Everyone said ‘let me know how i can help’. But friend gave her questionnaire—it’s what helped most

January 10, 2018 9:48 am Last Updated: January 10, 2018 9:52 am

Caroline Hardin is a lot of things. She’s a musician, an artist, a writer, and a mother. Yet she has also struggled with anxiety and depression, and (as of September) being diagnosed with scleroderma: a rare disease causing a chronic hardening of the skin and connective tissues.

Since then, many people have come up to her saying things like “let us know what we can do” or given her dietary or spiritual advice that, though well-meaning, wasn’t quite what she needed.

Date night to see Bon Iver. Best time, best date.

A post shared by Caroline Hardin (@hardincaroline) on

But among all of the people who thought they were helping was one person who actually was: her friend who had been watching Hardin’s daughter while she and her husband visited a specialist and received the life-changing news about her health.

When she got home from her doctor’s appointment, Hardin found her friend had done two simple yet special things for her.

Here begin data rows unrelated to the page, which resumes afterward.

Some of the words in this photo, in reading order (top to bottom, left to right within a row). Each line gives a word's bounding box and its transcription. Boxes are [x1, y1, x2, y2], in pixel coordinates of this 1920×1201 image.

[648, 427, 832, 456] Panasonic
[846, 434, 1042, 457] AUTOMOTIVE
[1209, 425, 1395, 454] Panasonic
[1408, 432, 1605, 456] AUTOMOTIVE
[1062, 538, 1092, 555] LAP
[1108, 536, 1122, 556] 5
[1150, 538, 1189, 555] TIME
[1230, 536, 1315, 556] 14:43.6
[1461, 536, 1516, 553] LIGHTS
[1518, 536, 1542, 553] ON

First, when she came home, she found that the whole house had been spotlessly cleaned. This was already a huge help, but then she noticed a handwritten note on legal paper, which “brought me to tears with its sincerity and perfection,” she wrote on The Mighty.

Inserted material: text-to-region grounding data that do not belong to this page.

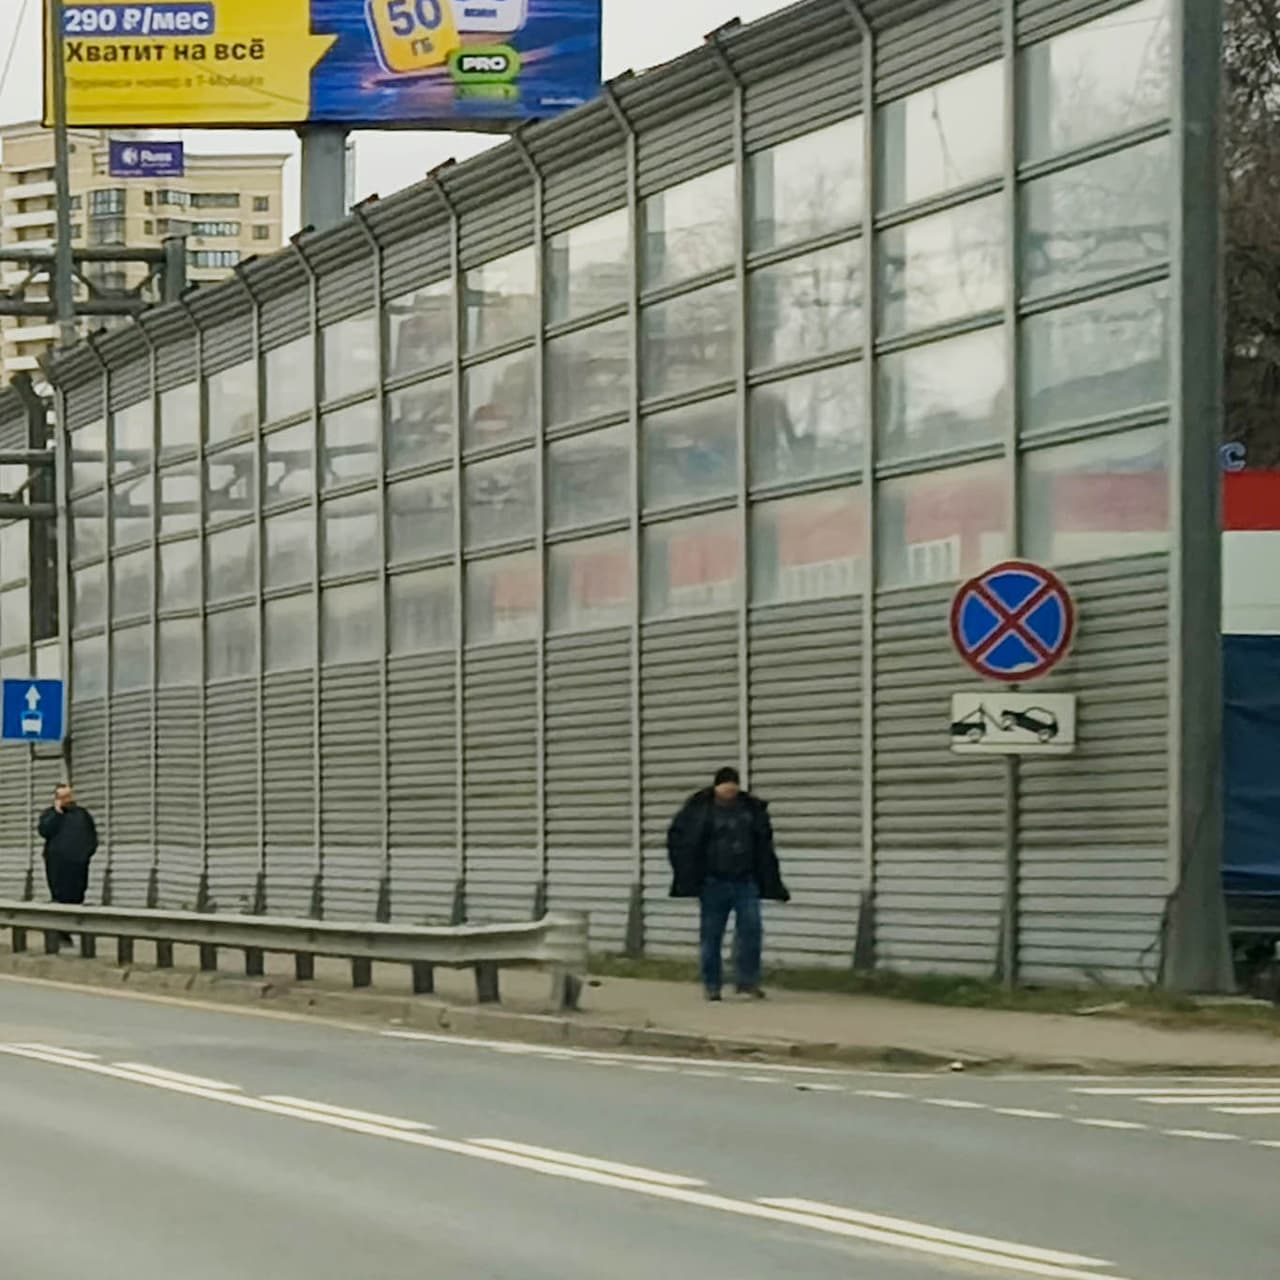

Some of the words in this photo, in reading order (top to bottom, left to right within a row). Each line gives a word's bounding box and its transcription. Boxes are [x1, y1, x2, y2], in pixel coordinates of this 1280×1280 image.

[64, 8, 117, 32] 290
[66, 41, 164, 63] Хватит
[174, 43, 207, 61] на
[214, 38, 265, 61] всё
[411, 37, 434, 57] ГБ
[462, 56, 507, 70] PRO

The note “was able to fully encompass everything [my friend would] need to know in order to effectively help me through this season.”


Her note started out without sugarcoating anything:

“Hey! I’m sorry today’s news sucked – royally.

“It’s hard for me to not know what my loved ones need and what they don’t need.”

Then, she continues by offering words of encouragement:

“I just need to say that you are so special and unique. You are brave and inspiring. It’s a great honor to know you.”

… And a promise to stick by her side:

“I’m sorry this is happening. I am praying for your healing, peace of mind and straight up endurance But/and I promise to walk with you through this as much as you want me to, as long as you need me to.”

Finally, there was a series of questions:

“Answer these at your leisure:

My love languages are:
It bothers me when friends:
When I need help I:
A basket of my favorite things would consist of:
Time away from my child is something that I:
You know I am sad/depressed/lonely when:
What I need most when I’m sad/depressed/lonely is:
A list of things friends should never do would be:
A list of things friends should always do would be:”

Each question was followed by a bunch of “girly words,” which she had asked Hardin to circle. The options included things that were incredibly specific to her such as bread, Target, knowing glances, and Luna Lovegood from the Harry Potter series.


Yet she made sure to leave space for Hardin to write down any relevant information that she might have missed.

“I felt supported across the board,” Hardin said, “and wanted to share this amazing strategy and beautiful example of how to be there for a friend after rough news.”


Hardin was so moved by the act that she continued to talk about it 3 months later. She’s bragged to her doctors and therapist about this friend and has recommended others to try the survey approach, changing the questions and answers as needed to fit your specific needs.

“I think you’ll be pleasantly surprised at the responses you’ll get, just by enabling people to help and be helped,” she said.